* [Excerpted records]
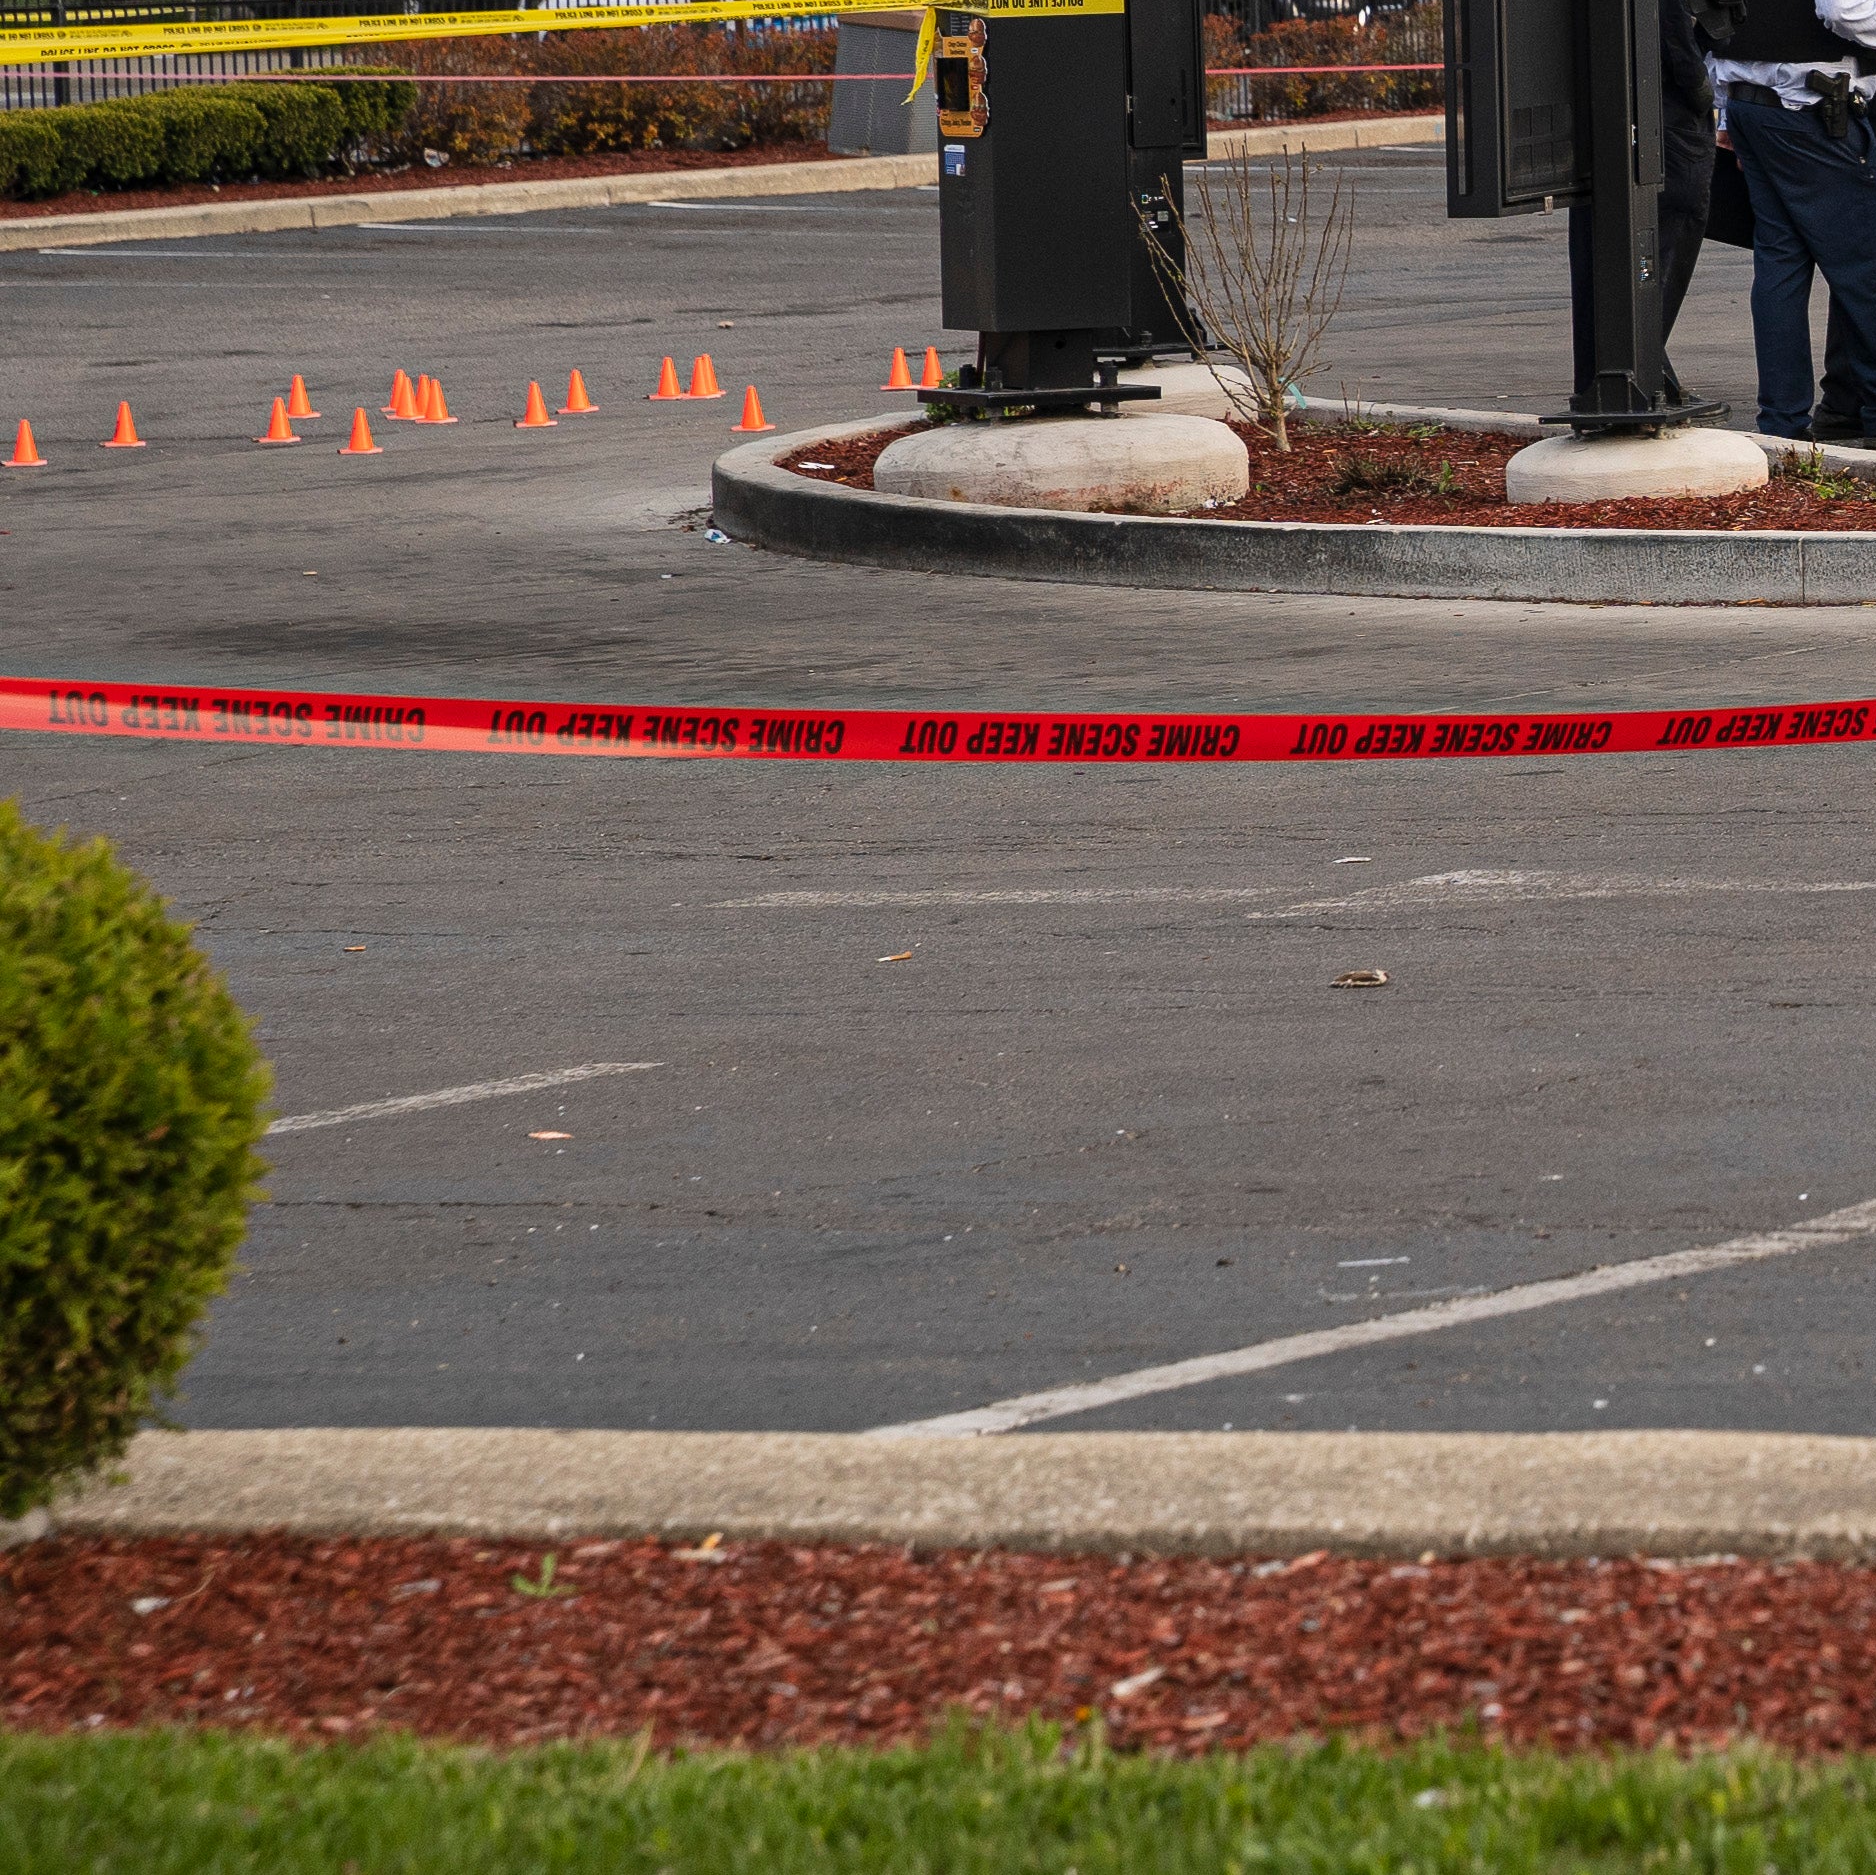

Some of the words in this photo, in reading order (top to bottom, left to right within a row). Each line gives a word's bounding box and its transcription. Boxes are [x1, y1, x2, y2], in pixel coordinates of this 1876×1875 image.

[47, 689, 109, 727] OUT
[119, 694, 201, 732] KEEP
[211, 698, 313, 738] SCENE
[323, 703, 425, 743] CRIME
[1784, 706, 1869, 739] SCENE
[486, 709, 547, 746] OUT
[555, 712, 634, 748] KEEP
[642, 715, 740, 753] SCENE
[747, 718, 845, 754] CRIME
[898, 719, 958, 754] OUT
[965, 721, 1040, 755] KEEP
[1046, 722, 1141, 757] SCENE
[1145, 723, 1240, 757] CRIME
[1289, 722, 1348, 755] OUT
[1353, 723, 1426, 754] KEEP
[1428, 722, 1520, 753] SCENE
[1521, 720, 1612, 750] CRIME
[1655, 715, 1713, 745] OUT
[1717, 711, 1783, 742] KEEP
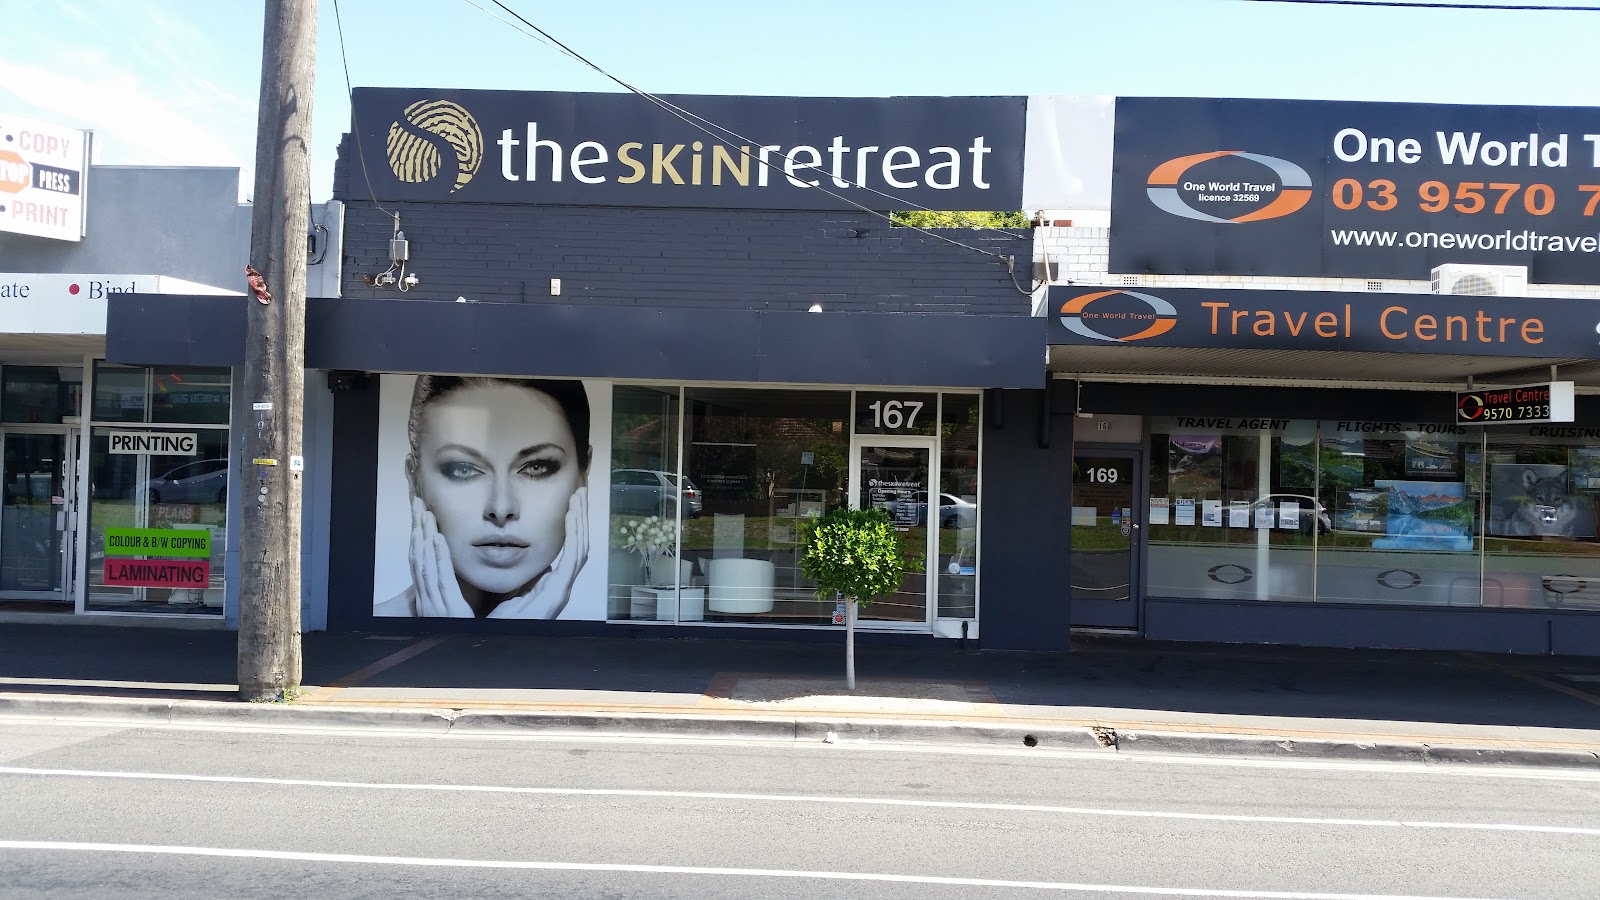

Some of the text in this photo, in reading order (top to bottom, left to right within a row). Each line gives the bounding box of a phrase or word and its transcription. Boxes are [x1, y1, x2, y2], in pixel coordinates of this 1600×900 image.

[20, 130, 70, 158] COPY
[1333, 128, 1422, 164] One
[1436, 131, 1568, 168] World
[39, 169, 70, 193] PRESS
[1183, 181, 1276, 192] One World Travel
[1198, 193, 1260, 202] licence 32569
[1332, 178, 1398, 211] 03
[1418, 180, 1556, 216] 9570
[12, 200, 69, 228] PRINT
[1082, 311, 1156, 321] One World Travel
[1200, 302, 1544, 345] Travel Centre
[1483, 388, 1550, 405] Travel Centre
[868, 400, 924, 429] 167
[1483, 405, 1550, 421] 9570 7333
[1176, 417, 1291, 431] TRAVEL AGENT
[1336, 421, 1402, 434] FLIGHTS
[1416, 423, 1467, 436] TOURS
[111, 435, 194, 452] PRINTING
[1086, 467, 1118, 483] 169
[157, 506, 193, 520] PLANS
[109, 535, 206, 550] COLOUR & B/W COPYING
[108, 564, 204, 583] LAMINATING

* [Problem details] The pictures stay out of the copy. Set down the entries above precisely.

* [Answer section]
Some of the words in this photo, in reading order (top to bottom, left to right within a row). Each line gives a word's bounding box and its transcription. Boxes are [x1, y1, x2, y2], in pixel coordinates of this 1876×1875 image.

[47, 689, 109, 727] OUT
[119, 694, 201, 732] KEEP
[211, 698, 313, 738] SCENE
[323, 703, 425, 743] CRIME
[1784, 706, 1869, 739] SCENE
[486, 709, 547, 746] OUT
[555, 712, 634, 748] KEEP
[642, 715, 740, 753] SCENE
[747, 718, 845, 754] CRIME
[898, 719, 958, 754] OUT
[965, 721, 1040, 755] KEEP
[1046, 722, 1141, 757] SCENE
[1145, 723, 1240, 757] CRIME
[1289, 722, 1348, 755] OUT
[1353, 723, 1426, 754] KEEP
[1428, 722, 1520, 753] SCENE
[1521, 720, 1612, 750] CRIME
[1655, 715, 1713, 745] OUT
[1717, 711, 1783, 742] KEEP

Some of the text in this photo, in reading order (top to bottom, left to right within a row). Each line gives the bounding box of a phrase or word and its transcription. Boxes are [x1, y1, x2, y2], in pixel coordinates of this 1600×900 image.

[20, 130, 70, 158] COPY
[1333, 128, 1422, 164] One
[1436, 131, 1568, 168] World
[39, 169, 70, 193] PRESS
[1183, 181, 1276, 192] One World Travel
[1198, 193, 1260, 202] licence 32569
[1332, 178, 1398, 211] 03
[1418, 180, 1556, 216] 9570
[12, 200, 69, 228] PRINT
[1082, 311, 1156, 321] One World Travel
[1200, 302, 1544, 345] Travel Centre
[1483, 388, 1550, 405] Travel Centre
[868, 400, 924, 429] 167
[1483, 405, 1550, 421] 9570 7333
[1176, 417, 1291, 431] TRAVEL AGENT
[1336, 421, 1402, 434] FLIGHTS
[1416, 423, 1467, 436] TOURS
[111, 435, 194, 452] PRINTING
[1086, 467, 1118, 483] 169
[157, 506, 193, 520] PLANS
[109, 535, 206, 550] COLOUR & B/W COPYING
[108, 564, 204, 583] LAMINATING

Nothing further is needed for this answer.